抗血小板薬:チクロピジン(商品名:パナルジン)

抗血小板薬:チクロピジン(商品名:パナルジン)

血流が悪くなってしまうと、体に悪影響が出ます。特に血管の中で血液が固まってしまうと、血栓(血の塊)が作られます。血栓が血管を詰まらせてしまうと、その後の血の巡りに悪影響ができす。

 

 

そこで、血栓の生成を防止することで血流障害を改善する薬としてチクロピジン(商品名:パナルジン)があります。チクロピジンは抗血小板薬と呼ばれる種類の薬になります。

 

 

抗血小板薬の意義

傷を負うことで血管が破れると、そこから出血します。このときの出血は止めなければいけません。そのために出血時には血液凝固系が働き、しだいに血が固まっていきます。これにより、傷を修復できるようになります。ただ、場合によっては血管の中で血が固まってしまうことがあります。これが、先に挙げた血栓です。

 

 

血が固まるとき、血小板が重要な働きをします。血小板が固まるのは、動脈などの血流が早い場所で起こります。血小板血栓と動脈には密接な関わりがあるのです。

 

 

動脈の弾力性が失われて固くなってしまう病気として、動脈硬化が知られています。血管の壁にコレステロールなどが沈着すると、プラークが形成されます。プラークは傷つきやすく、ここから出血することがあります。このときの出血が固まると、血栓が生成します。血栓が脳に飛ぶと脳卒中を起こし、心臓にいくと心筋梗塞を発症します。

 

脂質異常症(高脂血症)の患者さんでは、動脈硬化を起こしやすいです。つまり、血小板血栓を生じやすいともいえます。そこで、血小板血栓が作られないようにすれば、血栓による病気の発症を予防できます。

 

 

具体的には、血液を固まりにくくします。世間的には、「血液をサラサラにする作用」といわれています。血液凝固の過程を抑えれば、血栓は作られなくなります。

 

 

このような特徴により、血液が固まる過程に作用することで血栓を作られなくする薬がチクロピジン(商品名:パナルジン)です。

 

チクロピジン(商品名:パナルジン)の特徴

血小板の機能を狙って開発された抗血小板薬の中でも、チクロピジン(商品名:パナルジン)は世界で初めて開発された薬です。

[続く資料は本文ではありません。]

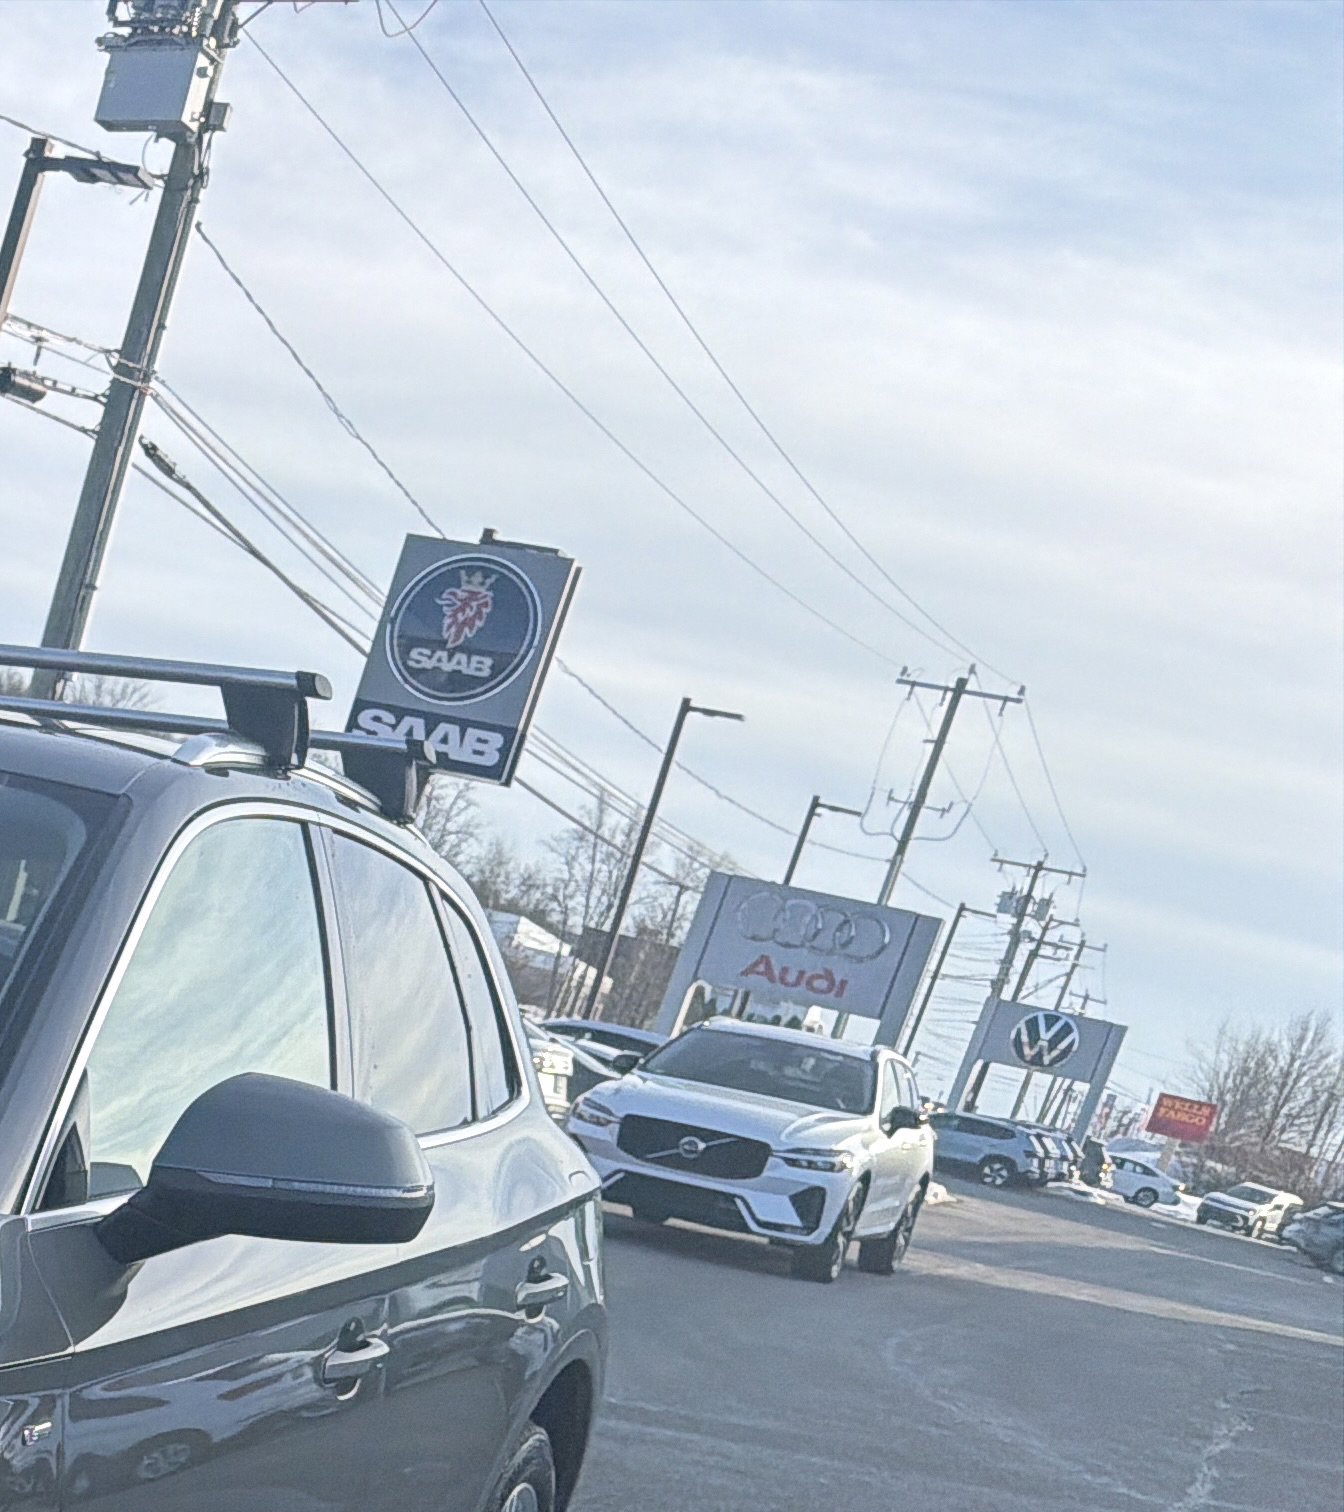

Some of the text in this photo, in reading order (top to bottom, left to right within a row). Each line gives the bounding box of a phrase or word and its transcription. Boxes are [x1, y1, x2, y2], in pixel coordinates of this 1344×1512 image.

[406, 647, 495, 678] SAAB
[352, 708, 505, 767] SAAB
[738, 954, 849, 998] Audi

強力に血栓の生成を防止するため、脳や全身に存在する血管の血流障害を改善します。

 

 

ただ、副作用という観点で他の抗血小板薬に劣っています。同じような作用をする薬として、クロピドグレル(商品名:プラビックス)やプラスグレル(商品名:エフィエント)などが知られています。これらの薬に比べて、副作用を生じる確率が高いです。そのため、昔ほど処方されることはありません。

 

 

チクロピジン(商品名:パナルジン)は、異常な血栓が生成されて全身の細い血管を詰まらせてしまう、血栓性血小板減少性紫斑病(TTP)を引き起こすことが知られています。

 

 

他にも、「体内に侵入した病原菌を殺すために必要な好中球」が減ってしまう無顆粒球症が引き起こされることもあります。重篤な肝障害も知られています。

 

 

なお、チクロピジン(商品名:パナルジン)が血小板に一度作用すると、その働きはずっと続きます。専門用語では、「抗血小板作用は不可逆的である」と表現されます。そのため、「薬の作用時間は血小板の寿命である8〜10日」と考えられています。

 

チクロピジン(商品名:パナルジン)の作用機序

血小板が固まらないようにするためには、「血小板の凝集を抑える物質」が存在しなければいけません。この物質をcAMPといいます。血小板内のcAMP濃度が高まれば、血は固まりにくくなります。

 

 

cAMPは酵素の働きによって生成されます。この酵素をアデニル酸シクラーゼ(AC)といいます。そこで、アデニル酸シクラーゼの働きを活発にすれば、cAMPはたくさん産生されるようになります。

 

 

さらに、アデニル酸シクラーゼの働きはADP受容体と呼ばれるスイッチによって抑えられています。ADP受容体を阻害すれば、結果的に血小板凝集を抑制できます。

 

 

このときは、「アデニル酸シクラーゼ(AC)の働きを抑える、ADP受容体を阻害 → アデニル酸シクラーゼ(AC)の働きが活発になる → cAMPが作られる → 血小板凝集の抑制(血液サラサラ)」という流れになります。

 

なお、チクロピジン(商品名:パナルジン)の副作用は、「出血が止まりにくくなること」です。血液が固まる過程を阻害するため、その反対に出血傾向がみられるのです。

 

 

このような考えにより、cAMP(血小板の凝集を抑える物質)の生成を促すことで、血栓の生成を防止する薬がチクロピジン(商品名:パナルジン)です。